Dong Laboratory Research
Currently, there are four lines of ongoing research:
NMDA receptors in cocaine addiction
Cocaine
addiction is a devastating brain disease that results, at least
in part, from a large number of cocaine-induced maladaptive
changes in the nucleus accumbens (NAc). In theory, correcting
the cocaine-induced NAc adaptations may treat addiction. In
reality, however, no therapeutic design can manipulate such an
overwhelmingly large number2 of substrates simultaneously. One
strategy to circumvent this difficulty is to identify the key
molecules that govern drug-induced adaptations in the NAc;
manipulation of these key molecules may collectively correct
their secondary pathophysiological cellular adaptations. In
attempt to identify such key molecules in NAc, we have focused
on N-methyl-D-aspartate receptors (NMDARs). NMDARs govern
multiple forms of neural adaptive changes and are essential for
a variety of addictive behaviors. Shifting the subunit
composition of NMDARs steers NMDAR-subordinated adaptive neural
changes toward specific directions. However, the exact role of
NMDARs in cocaine addiction remains largely unclear. Our
objective of this project is to understand the role of NAc
NMDARs in cocaine addiction such that an NMDAR-based therapeutic
strategy can be designed to treat addiction. The central
hypothesis is that the cocaine-induced NAc NMDAR adaptation is
gradually and selectively expressed in addiction-associated
synaptic afferents, is mediated by surface expression of new
NMDAR subunits, and triggers secondary cellular changes related
to addiction.
Homeostatic plasticity in the nucleus accumbens
Homeostatic neuroplasticity is a powerful
self-correcting mechanism through which neurons undergo plastic
cellular changes to functionally compensate for the
‘undesirable’ consequences caused by internal and external
interferences. Because of homeostatic plasticity and other
homeostatic processes, brain function remains constant during
developmental regulation, metabolic turnover, and even serious
pathological conditions. Exposure to drugs of abuse causes
malfunction of NAc neurons, which underlies a major
pathophysiology of addiction. Despite the estimate that an
enormous number of drug-induced alterations in the NAc are
homeostatic responses, homeostatic neuroplasticity in the NAc
remains largely unknown. Our goal is to identify the key
homeostatic mechanisms that are involved in drug-induced
homeostatic dysregulation of brain function and that can be
potentially targeted for repairing drug-distorted neuronal
function. We are particularly interested in a form of
homeostatic crosstalk between excitatory synaptic inputs and
intrinsic membrane excitability in NAc neurons.
3)
Regulation of emotional state by sleep
Sleep profoundly regulates the emotional and motivational state.

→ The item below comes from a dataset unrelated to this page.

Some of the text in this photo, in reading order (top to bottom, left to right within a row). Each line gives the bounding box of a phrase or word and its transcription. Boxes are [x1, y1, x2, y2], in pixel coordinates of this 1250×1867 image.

Sleep disturbance is a key co-morbidity in several pathological
emotional states such as drug addiction, depression, and
schizophrenia. Indeed, sleep disturbance is not only just a
symptomic consequence, but also a key causal factor for the
progression/aggravation of these pathological emotions; clinical
statistics also shows that people with insomnia are more prone
to addiction. Poorly understood are how sleep disturbance
regulates the function of key brain regions that control emotion
and motivation. We aim to address this glaring knowledge gap by
determining the effect of sleep deprivation on the functional
output of NAc. This is a new line of research in the lab.

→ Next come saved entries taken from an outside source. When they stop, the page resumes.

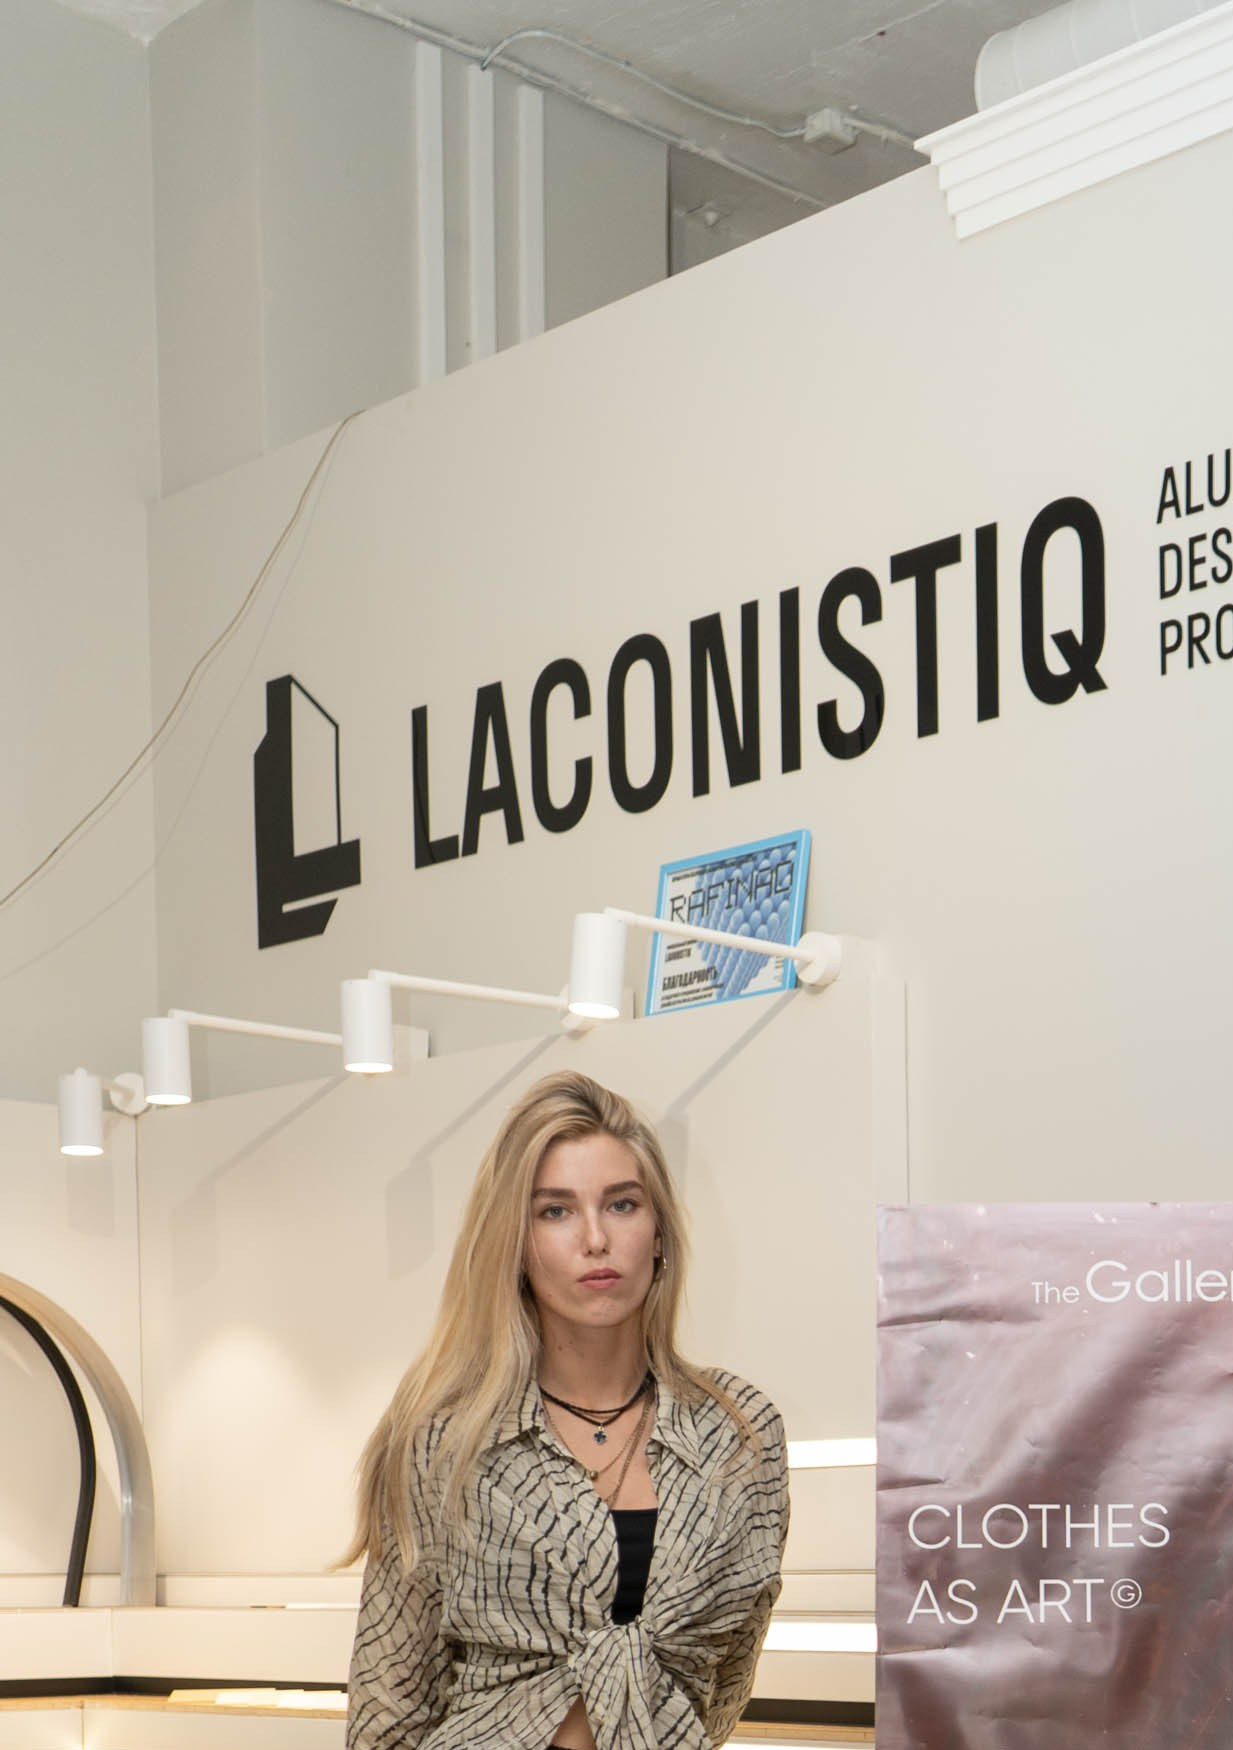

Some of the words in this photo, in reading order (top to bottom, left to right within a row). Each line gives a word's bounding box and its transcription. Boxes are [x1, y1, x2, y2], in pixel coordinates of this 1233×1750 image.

[411, 496, 1109, 869] LACONISTIQ
[1031, 1281, 1080, 1304] The
[908, 1503, 1170, 1549] CLOTHES
[906, 1579, 978, 1624] AS
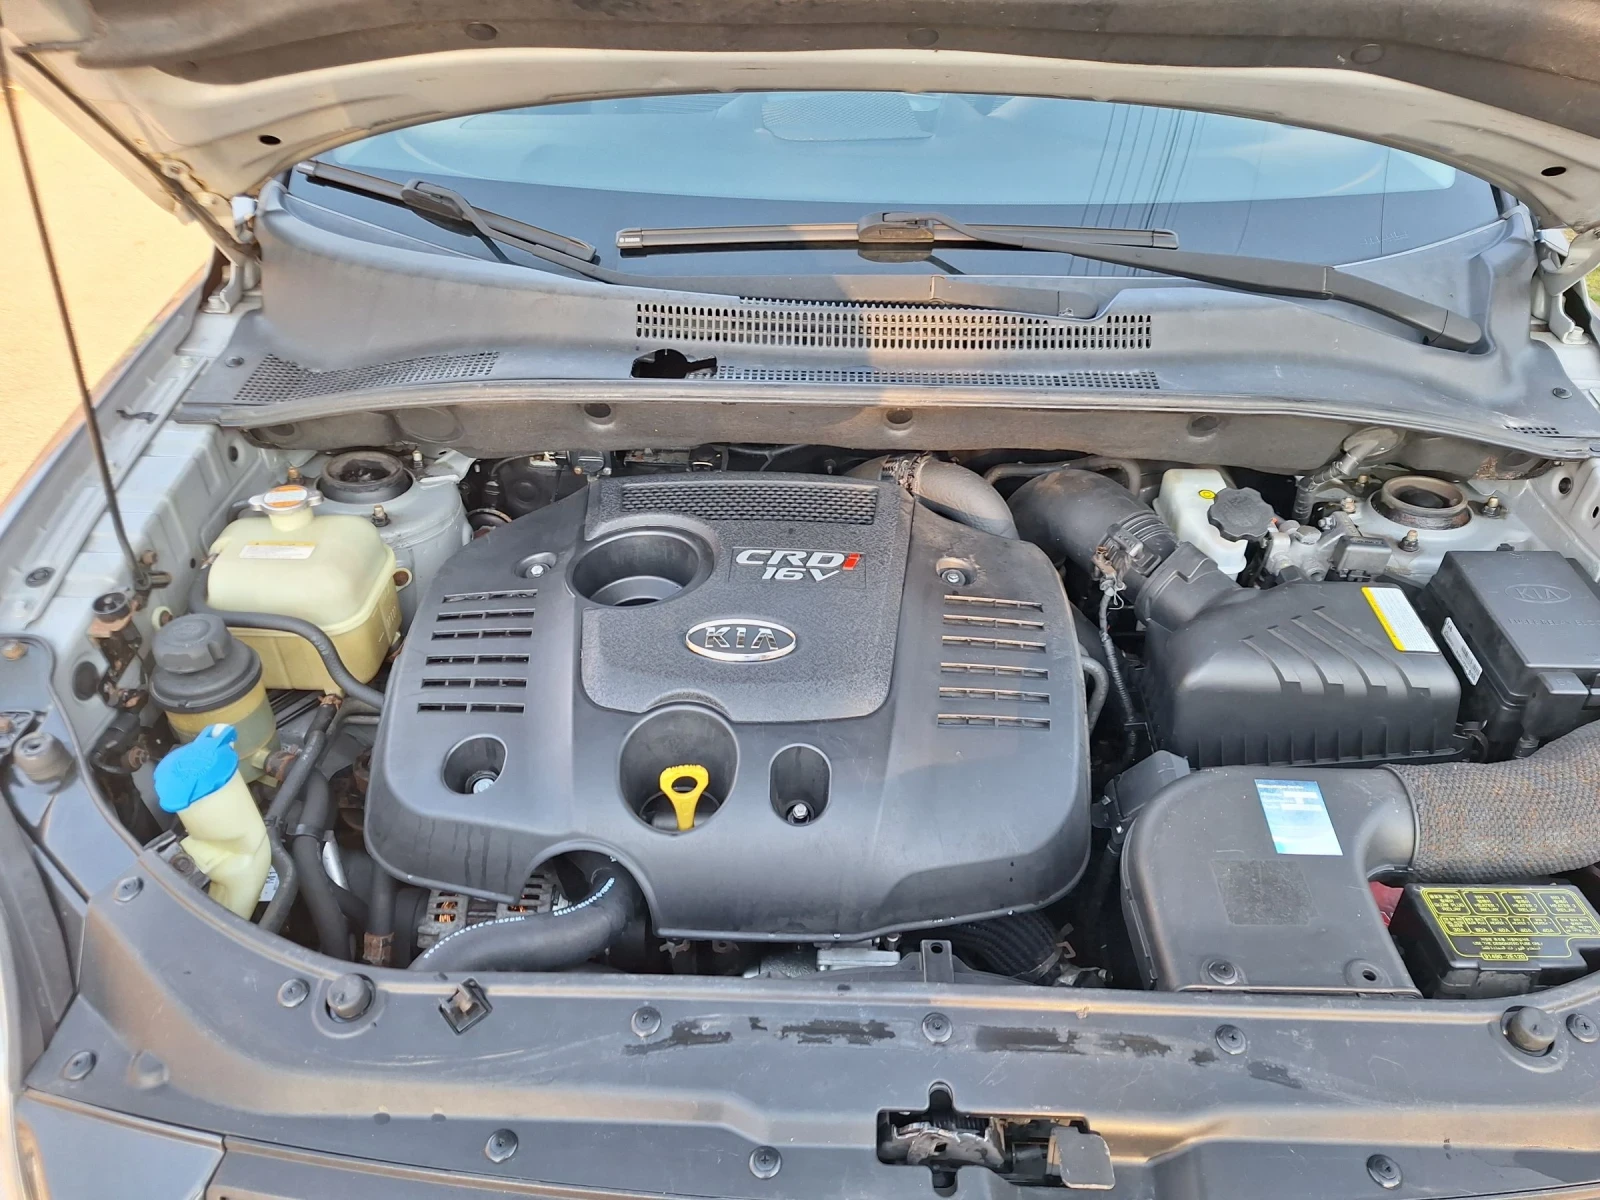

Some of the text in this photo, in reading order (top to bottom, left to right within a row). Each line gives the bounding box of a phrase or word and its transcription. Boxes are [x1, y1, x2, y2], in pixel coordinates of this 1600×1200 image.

[735, 549, 863, 571] CRDi
[761, 566, 840, 582] 16V
[1514, 586, 1561, 600] KIA
[704, 626, 779, 651] KIA

Depression in drug withdrawal
Severe
depression often happens in drug addicts when they stop using
drugs. This drug Withdrawal-Induced Depression (WID) disrupts
motivation, triggers relapse of drug use, promotes suicidal
impulsion, and, thus, prevents addicts from returning to normal
living. Aimed at developing novel mechanism-based treatment for
this urgent medical need, this proposal will analyze neural
mechanisms that potentially mediates WID. Furthermore, because
WID is primarily attributable to a history of drug use and thus
has a relatively clear etiology, studying WID provides a
potentially useful and heuristic framework for understand the
complicated pathophysiology underlying ‘normal’ depression. A
potential molecular pathway for WID has been identified: First,
a critical role of the NAc in depression has been recently
conceptualized. Second, exposure to drugs of abuse causes
long-term molecular changes in the NAc, in particular,
activation of the transcription factor cAMP-response element
binding protein (CREB). Third, experimentally decreasing the
activity of NAc CREB leads to anti-depressant effects in
animal models, whereas increasing the activity of NAc CREB
induces various depressive effects, such as anhedonia, dysphoria,
and reduced motivation. Fourth, among the downstream targets of
CREB, the dynorphin-signaling is particularly important in the
depressogenic effect of NAc CREB; expression of dynorphin in NAc
is temporarily and functionally correlated with CREB activation,
and blocking the dynorphin-signaling abolishes the CREB-mediated
aversive responses. Thus, this line of research aims to
determine the physiological role of CREB in the NAc.